The following excerpt is from A New Voyage and Description of the Jsthmus of America, first published in 1695 in London; the author Lionel Wafer was a ship surgeon, explorer and buccaneer who was stranded on the Isthmus of Panama. Wikipedia claims the Welshman spent four years, 1680-1684, in Panama, but according to a second source, he spent only four months. Wafer cohabited with the Cuna Indians, and became friends with their king named Lacenta. On his return home, the Welsh ‘pirate’ wrote about their culture, their shamanism and a short vocabulary of their language.

[emphasis in bold mine]

The Indians, when they travel, guide themselves either by the Sun, when it shines, or by steering towards such a determinate Point, observing the bending of the Trees, according as the Wind is. If they are at a loss this way, they notch the Barks of Trees, to see which side is thickest; which is always the South, or the Sunny Side; and their way lies generally through Woods. […]
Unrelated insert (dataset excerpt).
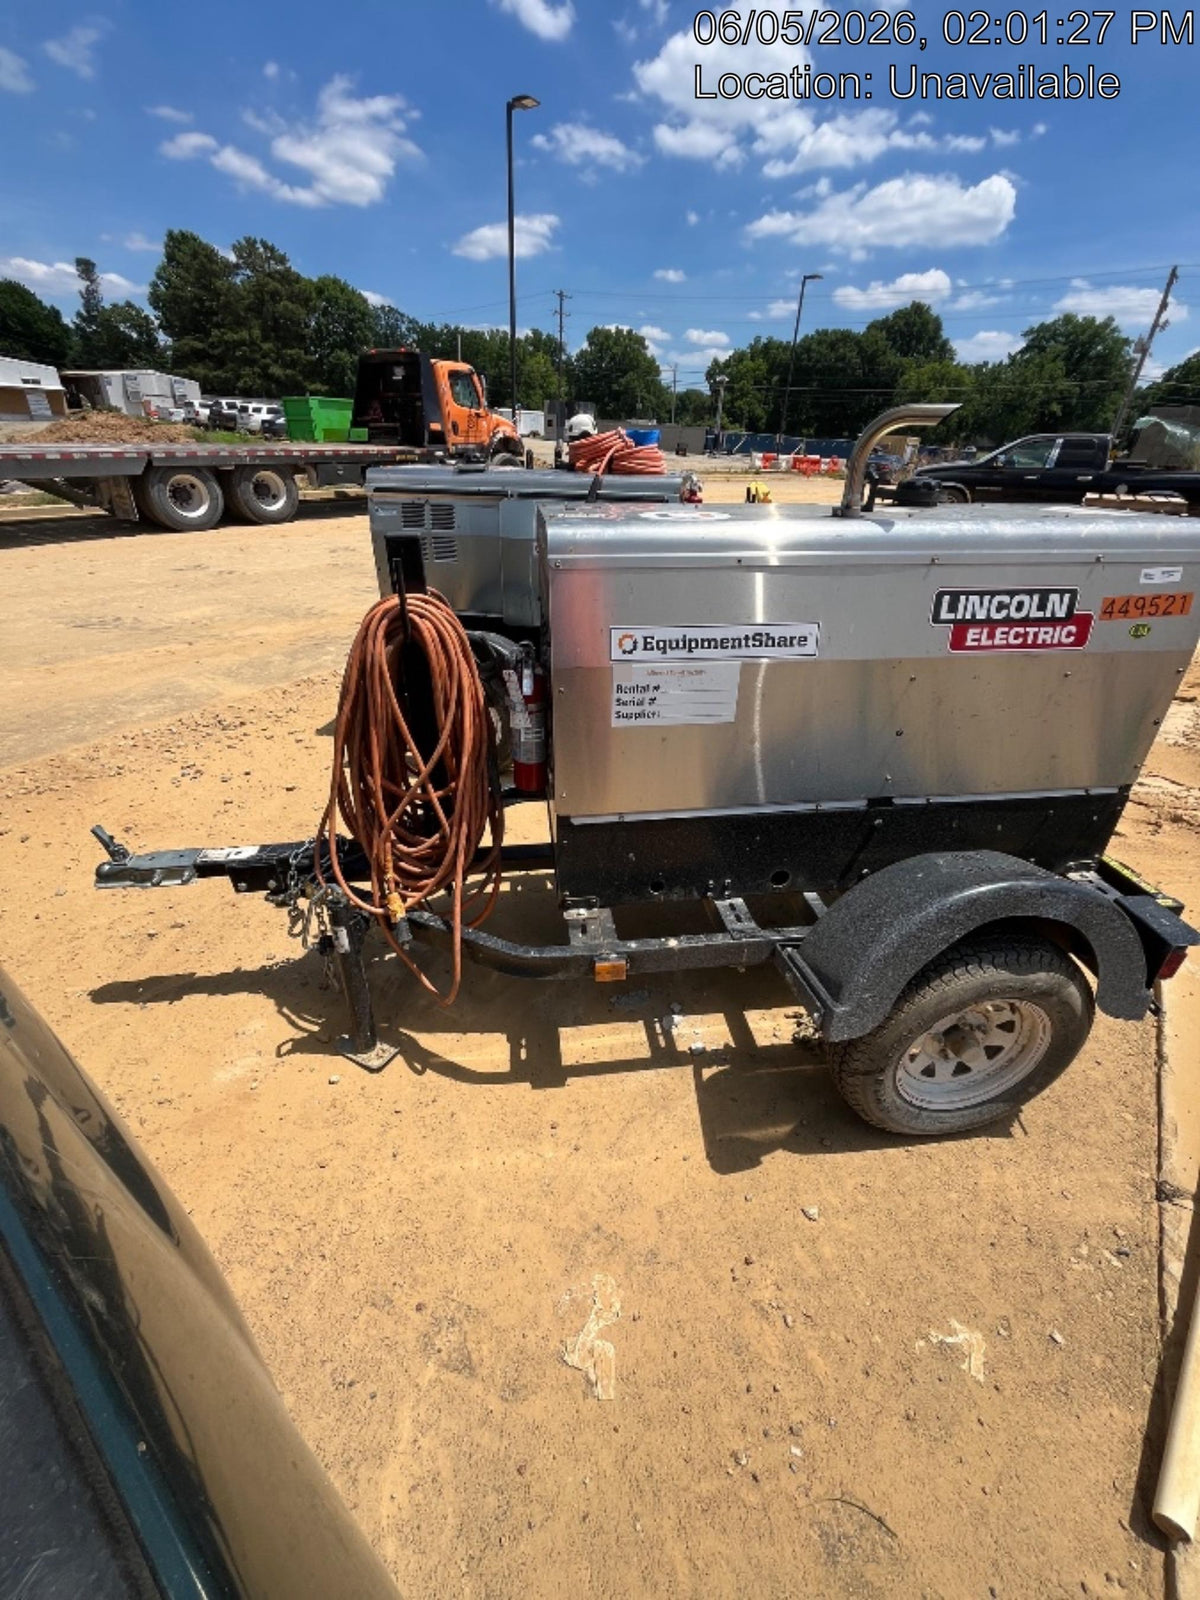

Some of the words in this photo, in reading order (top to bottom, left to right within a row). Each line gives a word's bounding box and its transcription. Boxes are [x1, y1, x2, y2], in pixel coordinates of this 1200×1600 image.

I observ'd among them no distinction of Weeks, or particular Days, no parting the Day into Hours, or any Portions, otherwise than by this Pointing: And when they use this, or any other Sign, yet they speak at the same time, and express their Meaning in their own Language, tho' to Europeans who understand it not. They reckon Times past by no Revolutions of the Heavenly Bodies, but the Moons: For Lacenta speaking of the Havock the Spaniards had made to the Westward, intimated 'twas a great many Moons ago.

Their Computation is by Unites and Tens, and Scores, to an Hundred; beyond which I have not heard them reckon. To express a Number above this, they take a Lock of their Hair, little or great (in proportion to the Number they would intimate) and hold it up in their Hands, sorting it gradually with their Fingers, and shaking it. To express a thing innumerable, they take up all the Hair on one side of the Head, and shake it.

According to one Native American legend, the Winnebago Legend, the good spirits and the evil spirits agreed that the calendar year should be divided into 12 moons, which corresponded to the number of stripes on one chipmunk's tail. The six white stripes represented the ‘winter moons’ while the remaining six black stripes were the ‘summer moons’. However, as a lunar month typically consists of 29 days, for many Native Americans it meant the year was divided into ‘thirteen moons’.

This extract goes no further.